Dans les pages du site « 1 in.am », le journaliste Vahram Atanessian évoque les élections législatives qui vont se tenir en Géorgie samedi prochain et les choix sociétaux et politiques qui vont en résulter. La question est sans ambiguïté. Elle est celle du choix entre le modèle démocratique « à l’occidentale », ou celui de la Russie poutinienne.  

Dans cette campagne électorale, L’Église orthodoxe géorgienne, du moins son patriarche et une partie de l’épiscopat et du clergé, s’est prononcé à « mots-couverts » pour le gouvernement actuel pro-russe du parti « Rêve géorgien ».  

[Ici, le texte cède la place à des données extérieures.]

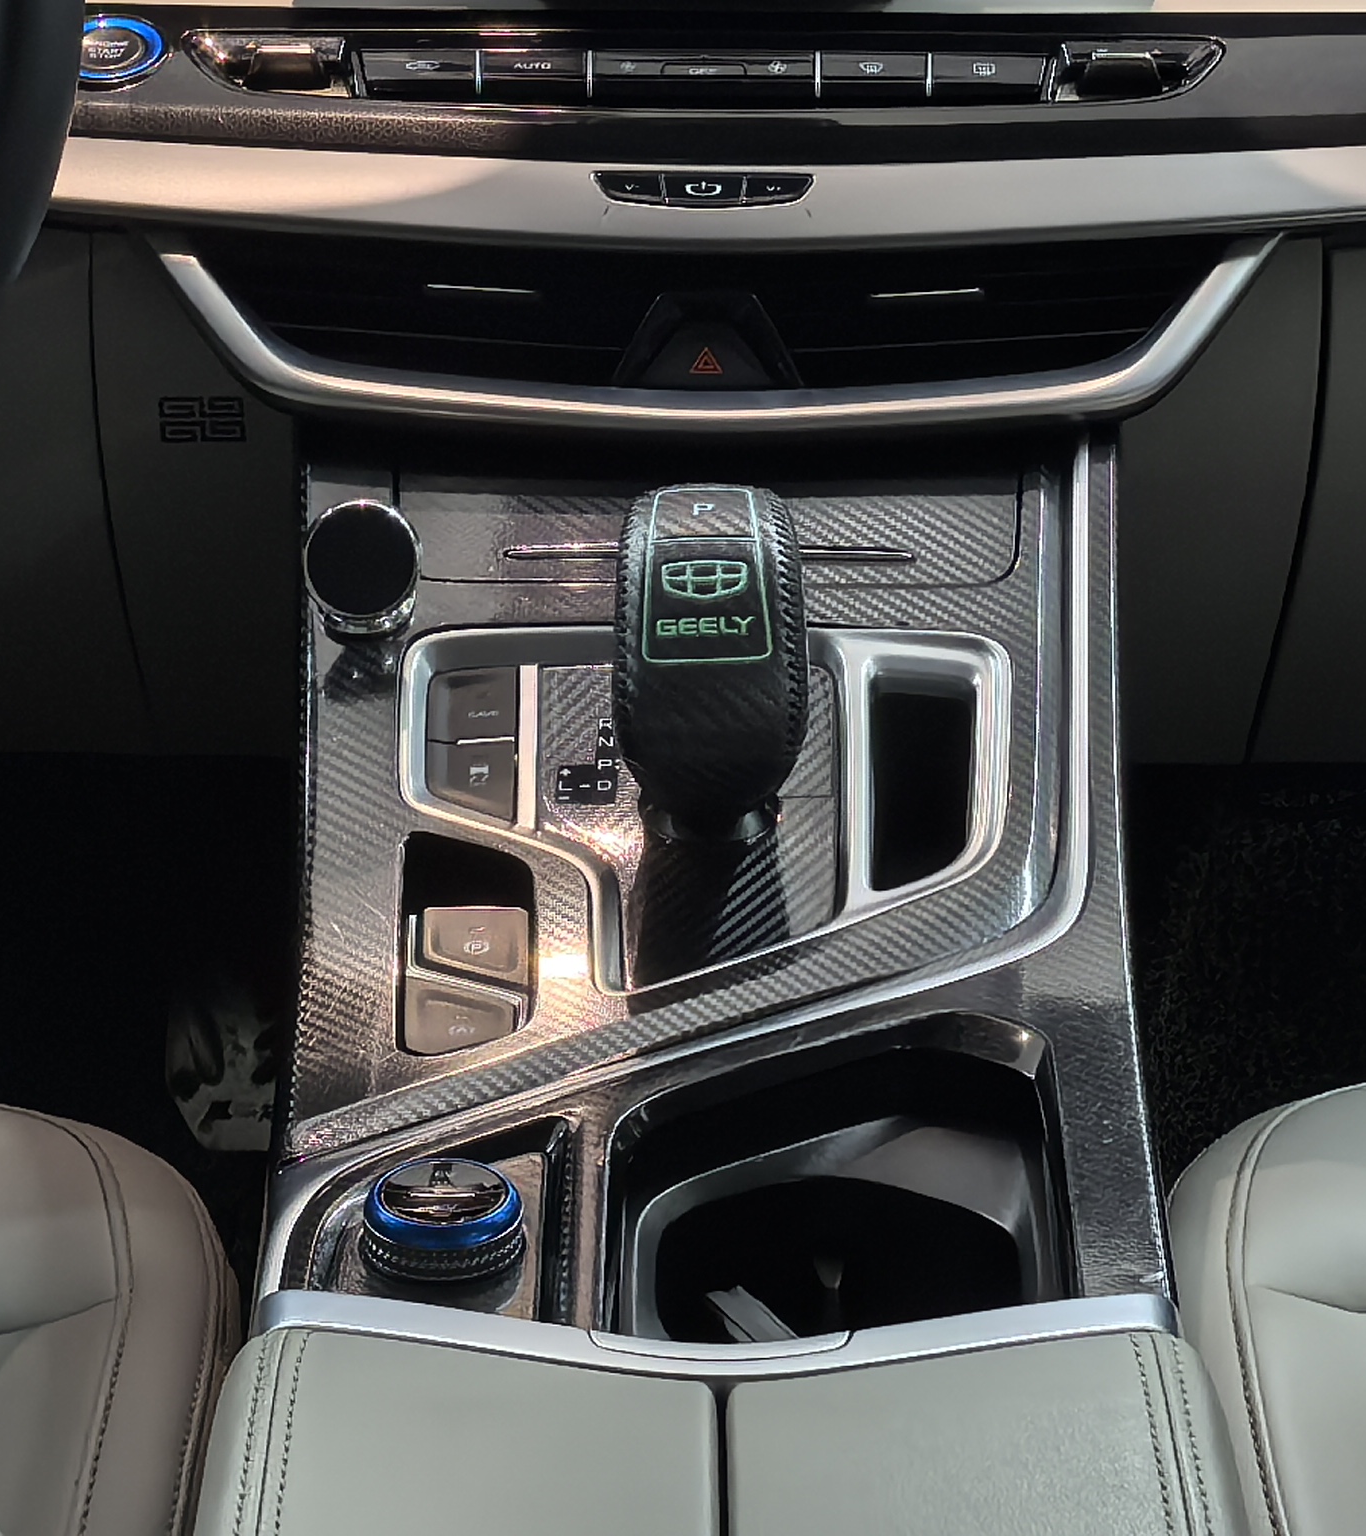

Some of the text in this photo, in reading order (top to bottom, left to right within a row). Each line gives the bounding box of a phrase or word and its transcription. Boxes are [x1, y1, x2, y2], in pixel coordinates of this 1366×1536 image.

[513, 62, 552, 70] AUTO
[693, 503, 715, 516] P
[656, 616, 756, 637] GEELY
[598, 717, 613, 730] R
[598, 736, 615, 747] N
[597, 759, 613, 770] P
[597, 780, 613, 791] D

Il n’y a là en réalité aucune surprise. Les positions ultra-conservatrices, pour ne pas dire « réactionnaires », du Catholicos Elie II [1] sur les questions de société, son refus de toute relation avec les autres Églises [2] éclairent tout observateur sur les orientations politiques de cette institution. 

Pour les Arméniens, cette « rigueur » du discours officiel de l’Église de Géorgie se concrétise par une opposition à sa reconnaissance en tant qu’Église par l’État et par la « géorgianisation » de plusieurs dizaines de sanctuaires arméniens à travers le pays[3]. 

Cimetière de Khodjivank en 1935

Cimetière de Khodjivank

Entre 1995 et 2004, une grande partie du cimetière de Khodjivank du quartier historique arménien de Havlabar où reposent de très nombreux intellectuels comme Hovhannès Toumanian, a été rasée afin de construire sur son emplacement une nouvelle cathédrale géorgienne dédiée à la Sainte Trinité [4].  

Sainte Trinité

Alors que la communauté arménienne du pays comptait près d’un demi-million de membres à la veille de l’indépendance du pays, les Arméniens seraient aujourd’hui entre 200 et 250 000. 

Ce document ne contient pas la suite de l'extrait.